The CBERS-3 spacecraft carried four instruments: MUXCam, a multispectral camera; PanMUX, a panchromatic imager; the Infrared Medium Resolution Scanner, or IRSCAM, and WFICAM, a wide-field imaging camera. These cameras were to have been used to observe a swath of 120 km of landmass at a time, enabling the satellite to scan the entire surface of the planet every 26 days, with a spatial resolution of up to 20 m.

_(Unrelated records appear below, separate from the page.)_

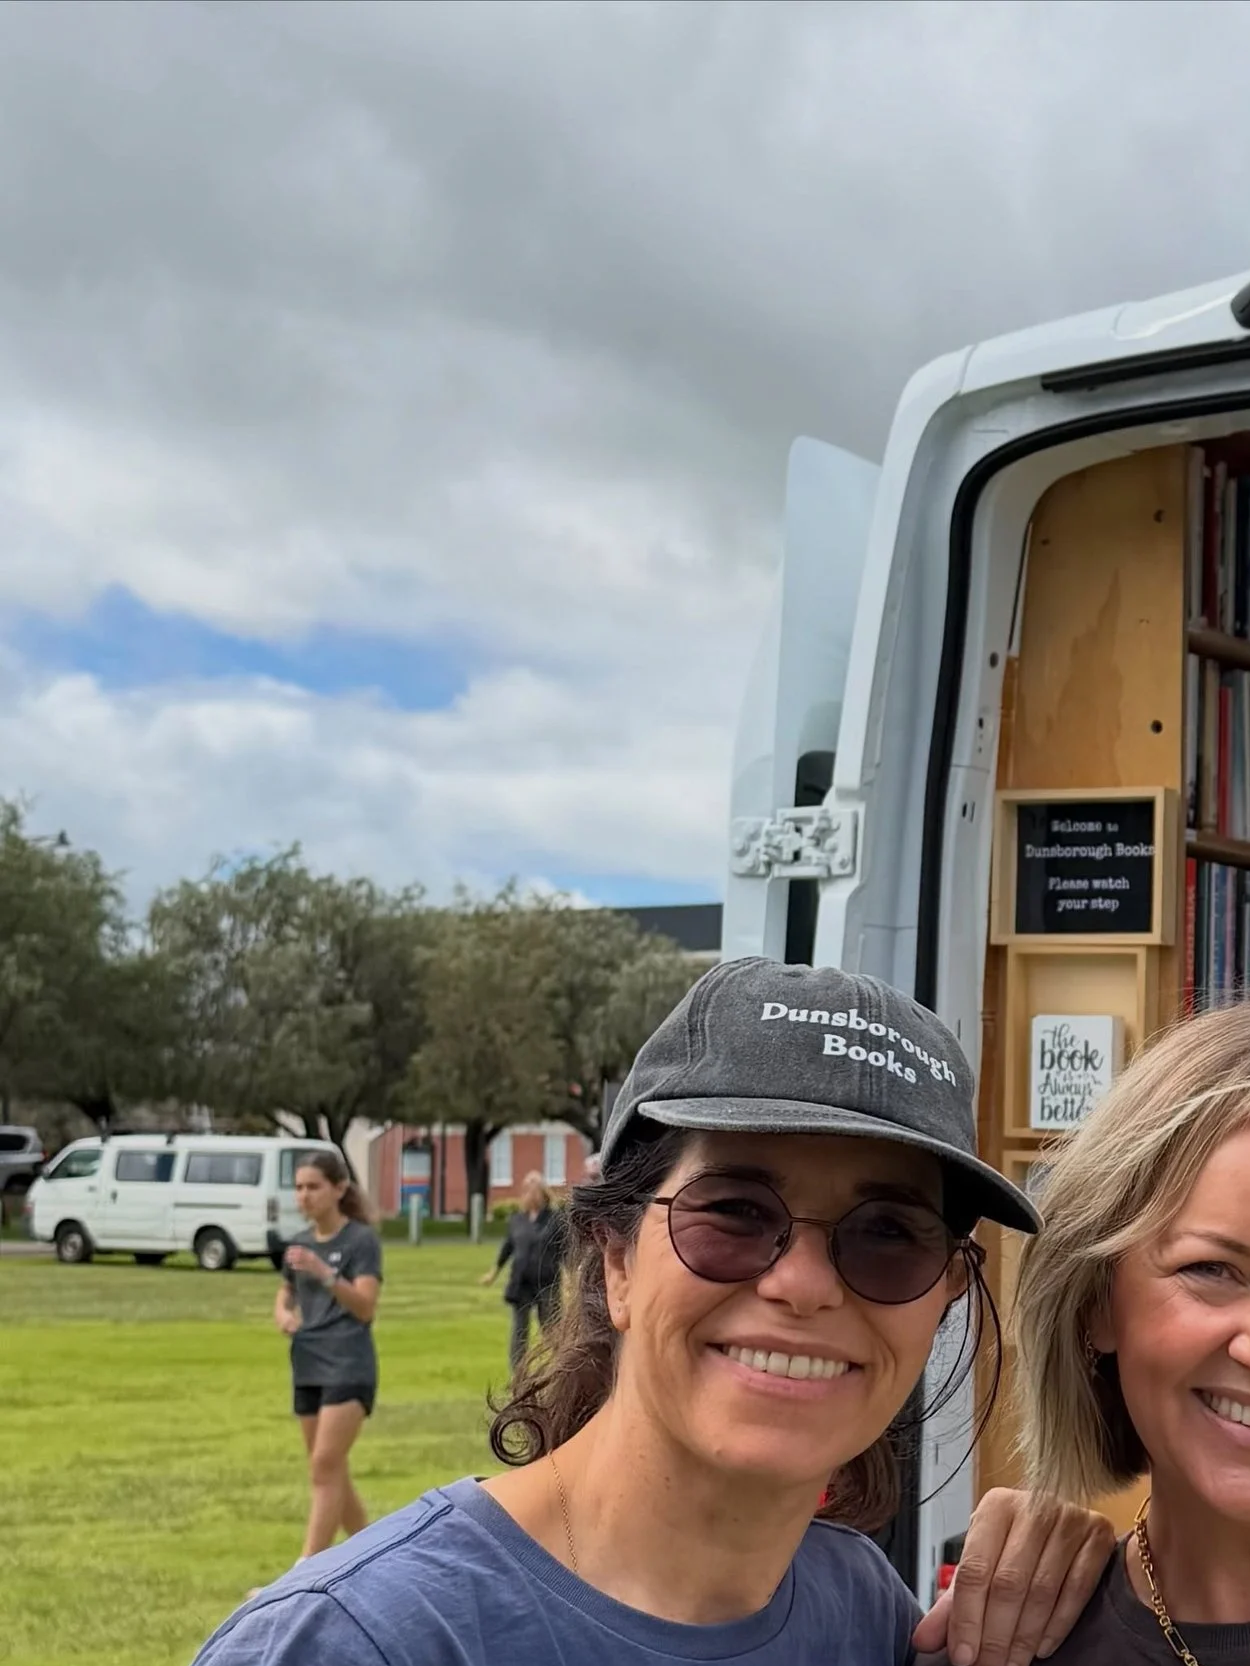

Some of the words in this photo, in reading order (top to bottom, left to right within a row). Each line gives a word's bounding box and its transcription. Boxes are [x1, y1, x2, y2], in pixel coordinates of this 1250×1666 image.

[1051, 820, 1102, 832] Welcome
[1025, 843, 1112, 860] Dunsborough
[1115, 842, 1156, 857] Books
[1048, 877, 1089, 890] Please
[1092, 876, 1130, 890] watch
[1056, 898, 1090, 912] your
[1090, 897, 1119, 912] step
[761, 1002, 957, 1087] Dunsborough
[1043, 1024, 1077, 1048] the
[823, 1034, 917, 1083] Books
[1040, 1039, 1103, 1071] book
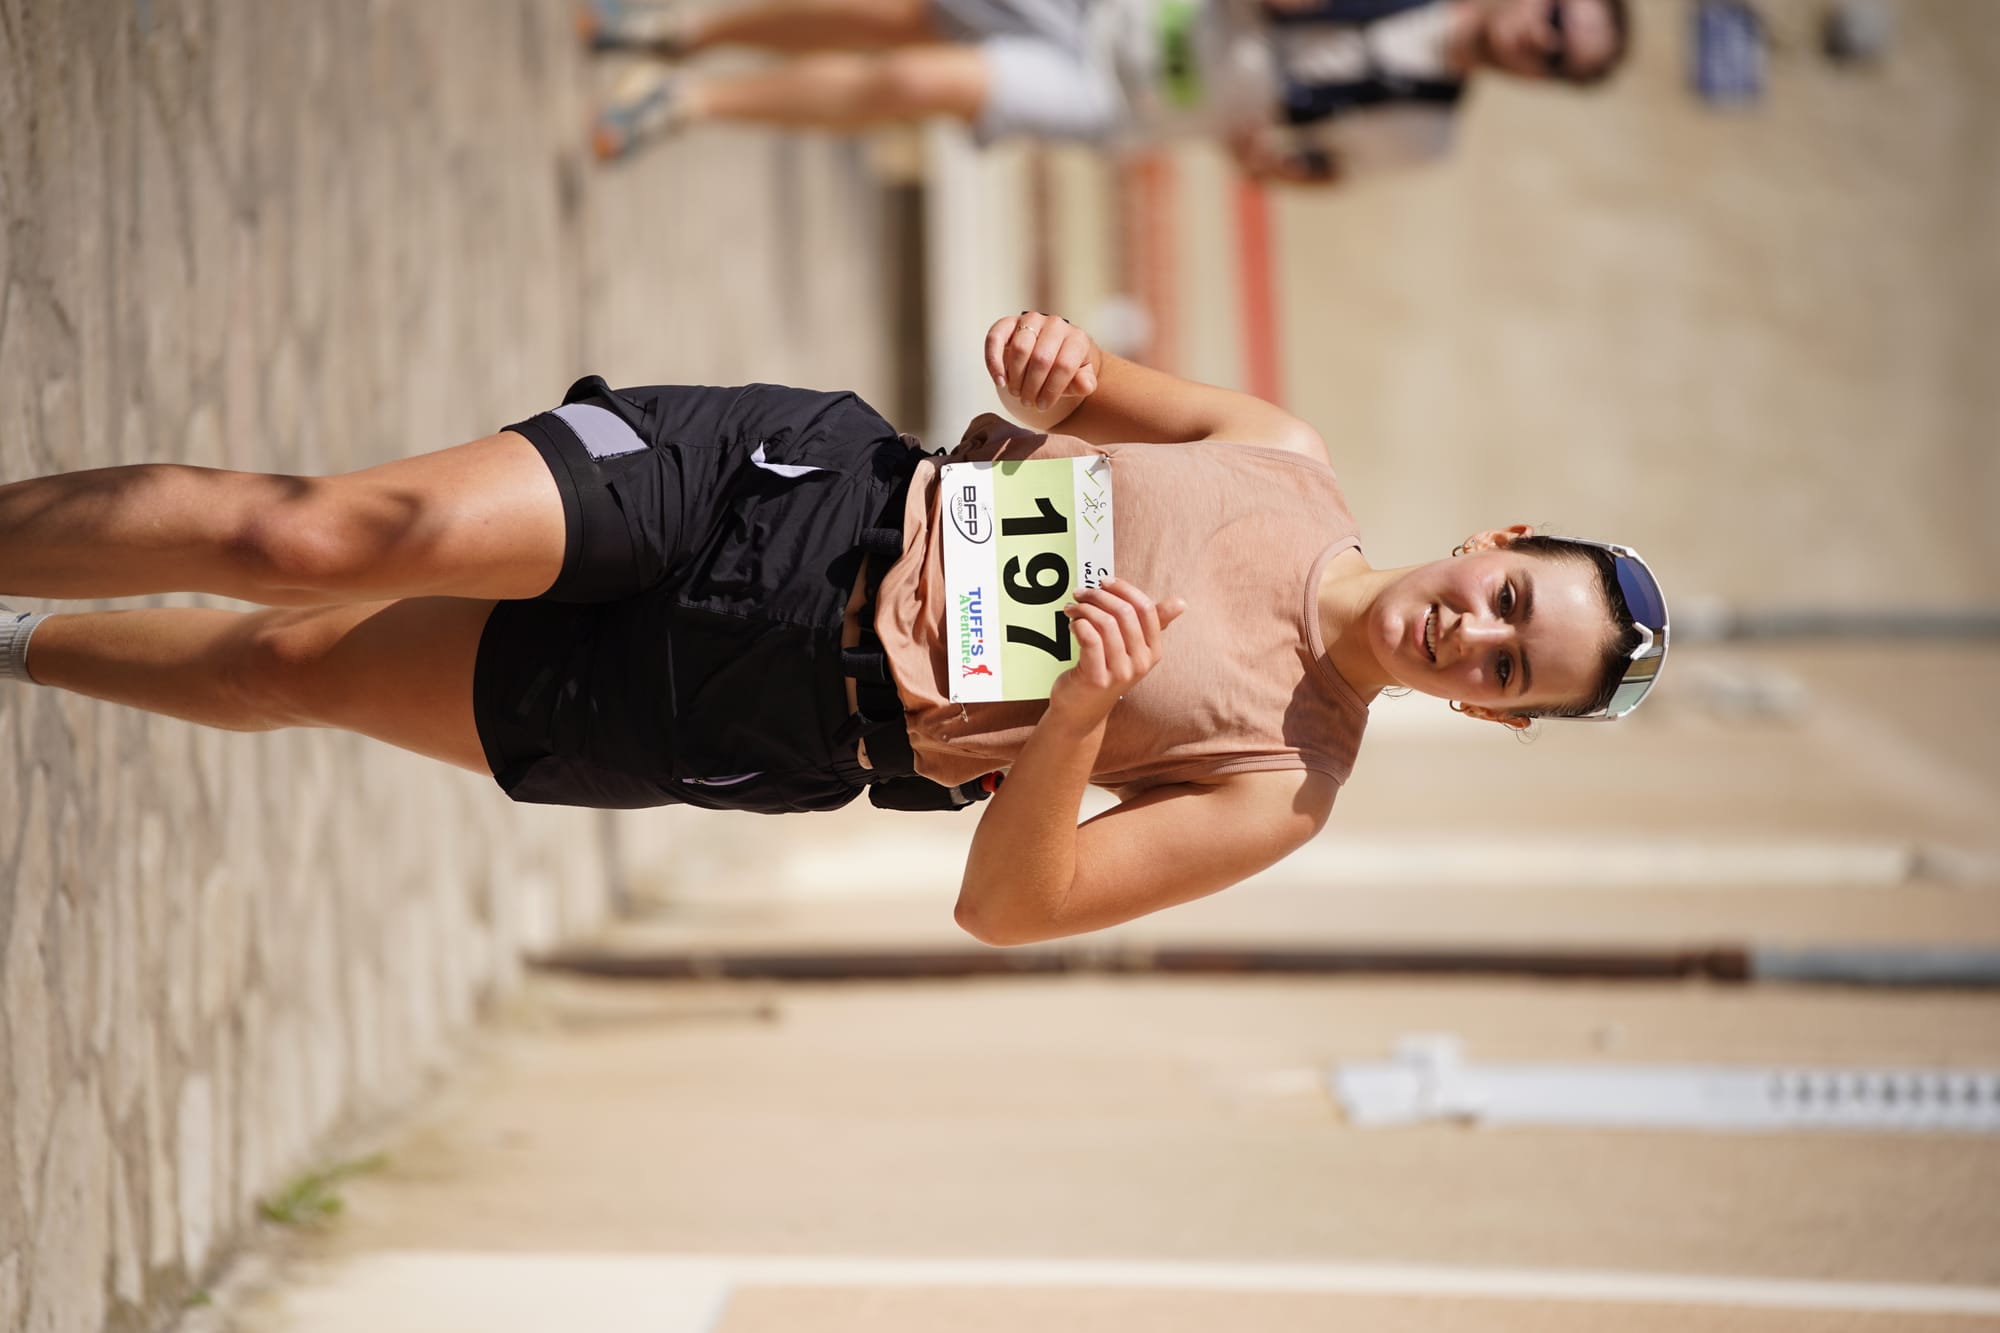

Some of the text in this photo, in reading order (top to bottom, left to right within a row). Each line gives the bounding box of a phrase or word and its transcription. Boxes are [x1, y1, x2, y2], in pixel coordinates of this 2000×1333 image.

CBERS-3 was initially scheduled to be launched in 2010, however delays in its deployment, including failures in the electric conversion system, caused it to slip to 2013. The satellite would have restored the Brazilian government's ability to observe its own territory following a three-and-a-half-year gap caused by the failure of CBERS-2B. One of the objectives of the CBERS-3 satellite's mission was to help monitor the process of deforestation of the Amazon Rainforest.

==Launch failure==
A Chang Zheng 4B carrier rocket was used to launch CBERS-3. The launch took place at 03:26 UTC on 9 December 2013, using Launch Complex 9 at the Taiyuan Satellite Launch Center. The satellite was intended to be placed into a Sun-synchronous orbit, however the rocket malfunctioned, resulting in the loss of the satellite. China has begun an investigation into the causes of the failure.

In response to the failure, China and Brazil have called for an extraordinary committee meeting to discuss the causes for the accident, next steps to be taken in the program and the acceleration the development and deployment of the CBERS-4 satellite, which had originally been scheduled for launch in 2015.